Europe: IFAJ delegates discuss the challenges for a sustainable food chain
Panel contributors included UK Champion for Global Food Security, Professor Tim Benton; Diana Spellman, MD of procurement agency, Partners in Purchasing; Dr Adam Staines, Joint Head of Agriculture and Food Security at BBSRC; Calum Murray, Lead Technologist in Sustainable Agriculture and Food at Innovate UK (Technology Strategy Board); Duncan Sinclair, Agriculture Manager at Waitrose; and LEAF Chief Executive, Caroline Drummond. In very focused contributions they outlined the challenges facing society in terms of population growth, obesity, food wastage and climate change and presented some of the work underway to address these issues.
Estimates of a 35% increase in global population by 2050 and a potential 60% or more increase in demand for food were quoted. To meet this demand would require production of more food over the next 36 years than has ever been produced to date. The environmental costs of food production are substantial and with an emphasis on sustainability, increased production must be achieved in ways that place less pressure on the environment so that we preserve the capacity of the land for food production in the future.
The need to reduce waste was mentioned frequently and one example quoted, that 30% of viable food was said to be discarded as waste in London in 2010, highlighted the issue. Delegates were also told that over-consumption is now associated with more than one in five deaths globally, which is creating an enormous burden on public health systems. A key message from the meeting was that demand for food is not fixed and that linking food, the environment and public health suggests drivers for changes in diet: current calorific production could already feed an extra 4.5million people if we produced and ate less meat. A move in this direction, together with waste reduction, including cutting over-consumption (the world currently has over 1 billion over-weight people), could already go a long way to feeding a large number of extra mouths.

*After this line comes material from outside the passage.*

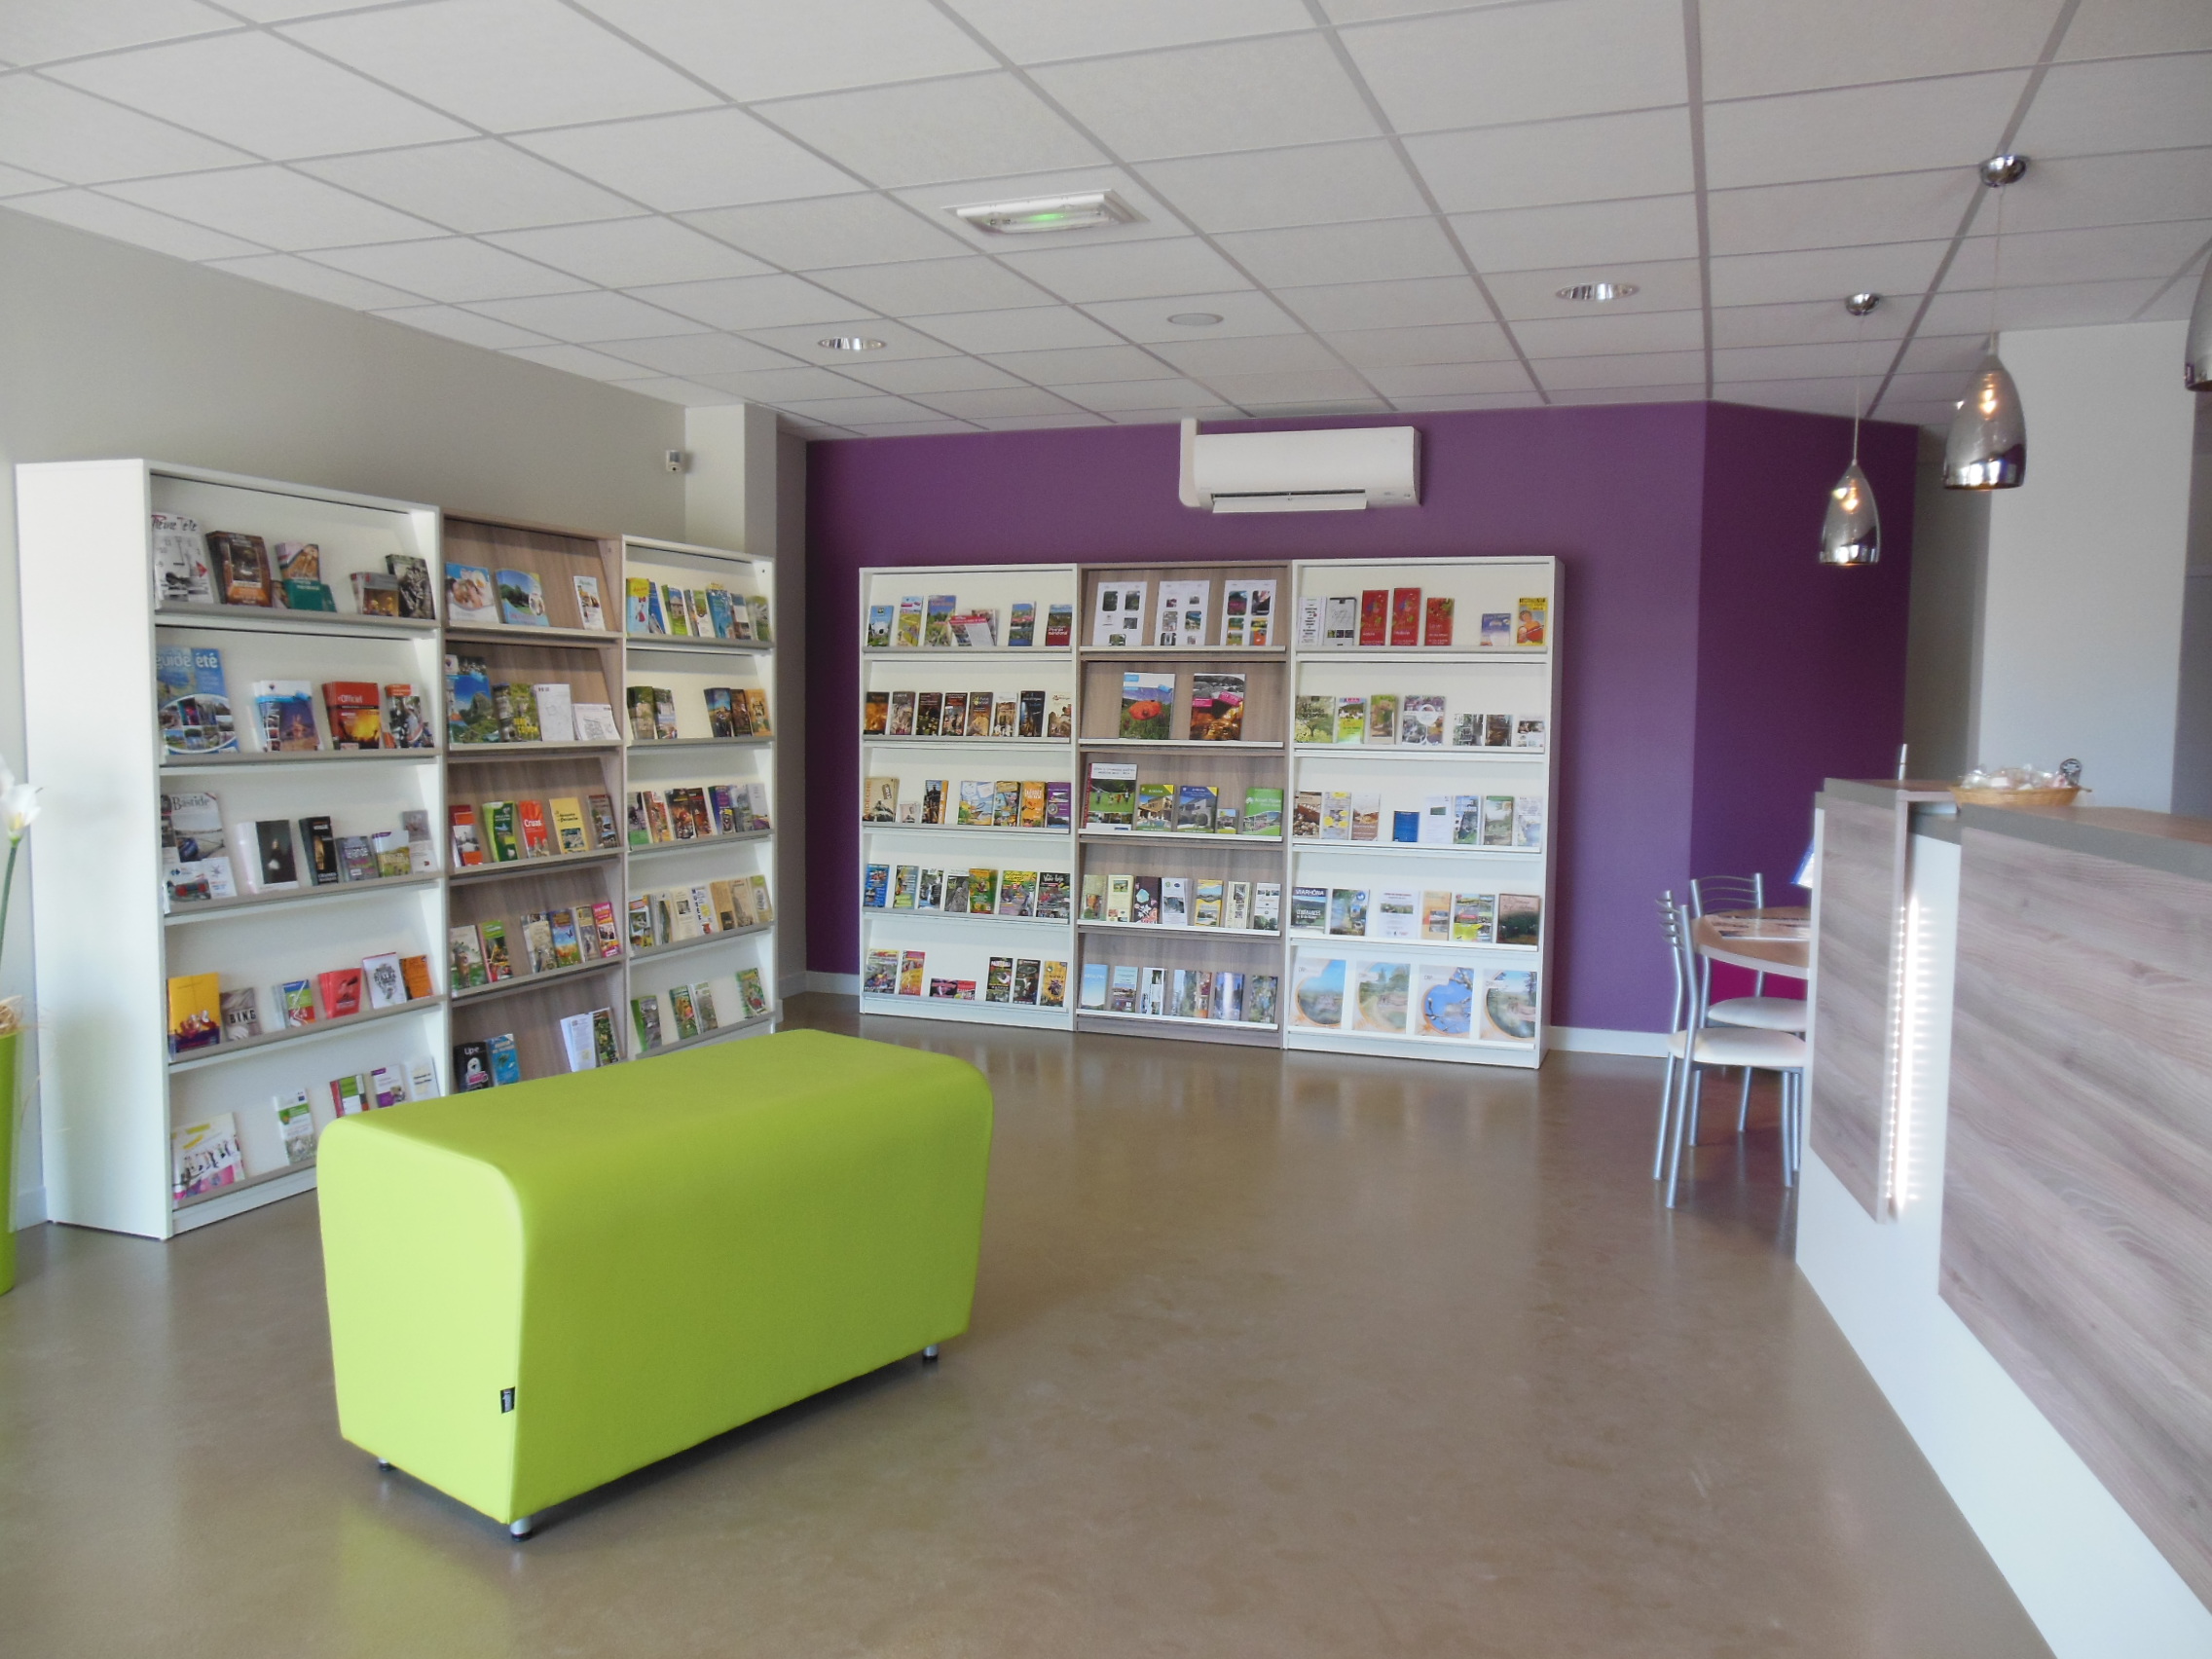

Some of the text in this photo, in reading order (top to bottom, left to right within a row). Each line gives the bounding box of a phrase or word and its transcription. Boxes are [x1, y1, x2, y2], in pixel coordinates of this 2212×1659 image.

The challenges facing the UK Food Security Research Strategy include the requirement for more energy, more food and more water. Innovative solutions are being researched and developed by business enterprise, with funding assistance from the UK government, encompassing crop protection and disease control approaches, food processing efficiencies, new production technologies and engineering solutions. Innovation and change at farmer level too is constantly encouraged to move the industry towards a more sustainable food supply in the future.
It is clear that the solutions must be considered and introduced on a global scale and speakers anticipate that a global catalyst will be needed to make the necessary changes happen. The exciting and innovative research work being undertaken at many levels in the UK’s centres of excellence to address these global challenges will contribute to the solutions the world needs.